Il est d’autres différences légères qu’on pourrait croire être sans aucune importance, et qui sont néanmoins avantageuses pour les animaux et les plantes. Le groseillier de Whitesmith, dont nous avons déjà parlé, pousse ses feuilles plus tard que les autres variétés, et il en résulte que les fleurs n’étant pas protégées, le fruit avorte souvent. D’après M. Rivers[5], dans une variété de cerisier dont les pétales de la fleur sont recourbés en dehors, les stigmates sont fréquemment détruits par le gel ; chez une autre variété, par contre, le gel reste sans action sur le stigmate, parce que les pétales de ses fleurs sont incurvés en dedans. La paille du froment Fenton est remarquable par sa hauteur inégale, fait auquel un observateur compétent attribue le grand rendement de cette variété, parce que ses épis, étant répartis à diverses hauteurs au-dessus du sol, se trouvent moins serrés les uns contre les autres.
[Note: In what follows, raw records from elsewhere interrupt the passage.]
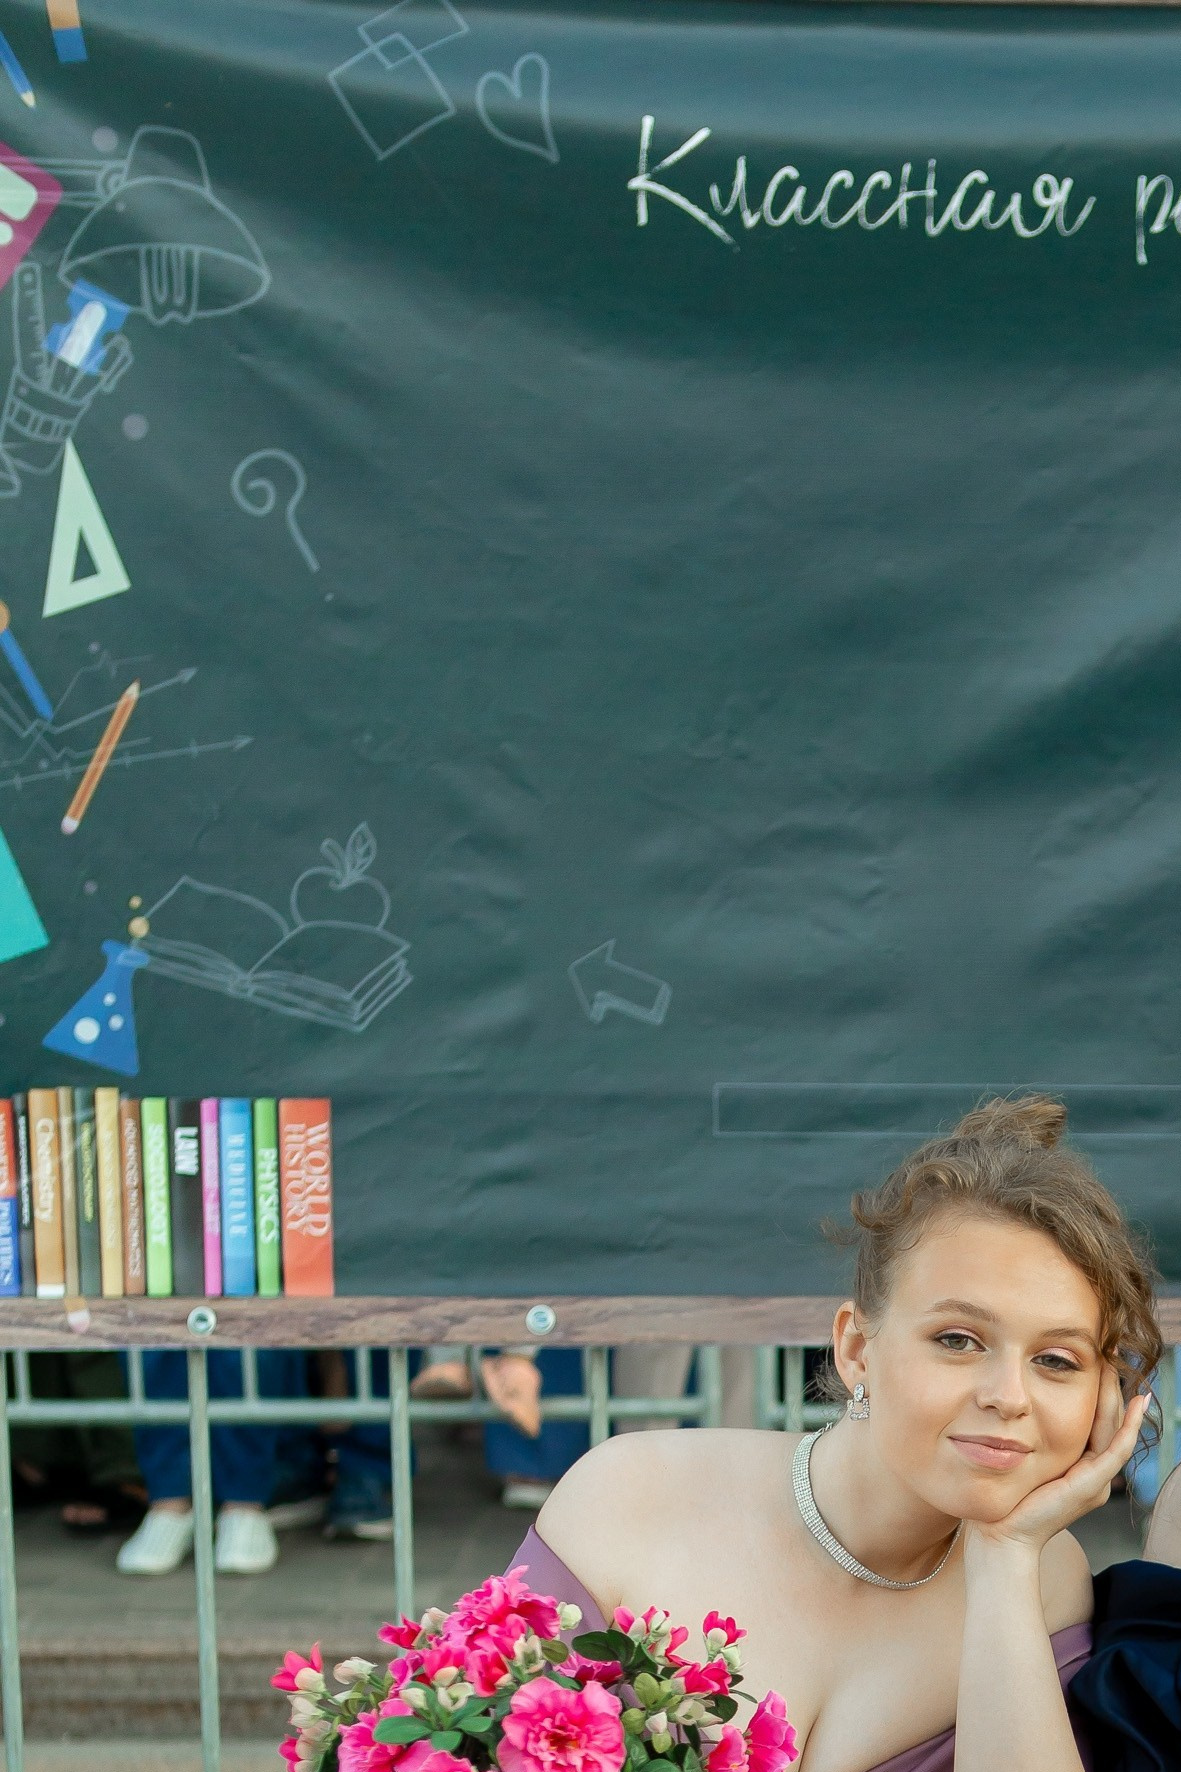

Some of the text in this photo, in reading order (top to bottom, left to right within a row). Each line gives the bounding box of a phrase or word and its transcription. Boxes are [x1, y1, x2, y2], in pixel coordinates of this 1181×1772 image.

[628, 115, 1097, 252] Классная
[174, 1126, 199, 1176] LAW
[259, 1148, 278, 1244] PHYSICS
[285, 1123, 306, 1232] HISTORY
[303, 1121, 330, 1237] WORLD
Le même auteur affirme

  1. M. Selby, Magaz. of Zoology and Botany, Edinburgh, vol. II, 1838, p. 393.
  2. La reine Claude de Bavay, Journ. of Horticulture, 27 Déc. 1864, p. 511.
  3. M. Pusey, Journ. of Roy. Agric. Soc., vol. VI, p. 179. — Pour le navet de Suède, voir Gardener’s Chronicle, 1847, p. 91.
  4. Godron, O. C. t. II, 98.
  5. Gard. Chronicle, 1866, p. 732.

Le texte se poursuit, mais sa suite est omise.